▽

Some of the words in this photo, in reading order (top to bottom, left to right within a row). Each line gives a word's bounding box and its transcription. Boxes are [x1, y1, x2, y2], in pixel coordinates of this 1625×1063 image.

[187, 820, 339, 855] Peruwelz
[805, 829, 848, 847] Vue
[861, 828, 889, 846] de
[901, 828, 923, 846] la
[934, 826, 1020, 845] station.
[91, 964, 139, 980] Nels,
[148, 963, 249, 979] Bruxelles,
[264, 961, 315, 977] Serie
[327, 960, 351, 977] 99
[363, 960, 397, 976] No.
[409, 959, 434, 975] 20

△

*Exercise requirements*:
Each line of the material above must be reproduced exactly.

*Worked solution*:
Some of the words in this photo, in reading order (top to bottom, left to right within a row). Each line gives a word's bounding box and its transcription. Boxes are [x1, y1, x2, y2], in pixel coordinates of this 1625×1063 image.

[187, 820, 339, 855] Peruwelz
[805, 829, 848, 847] Vue
[861, 828, 889, 846] de
[901, 828, 923, 846] la
[934, 826, 1020, 845] station.
[91, 964, 139, 980] Nels,
[148, 963, 249, 979] Bruxelles,
[264, 961, 315, 977] Serie
[327, 960, 351, 977] 99
[363, 960, 397, 976] No.
[409, 959, 434, 975] 20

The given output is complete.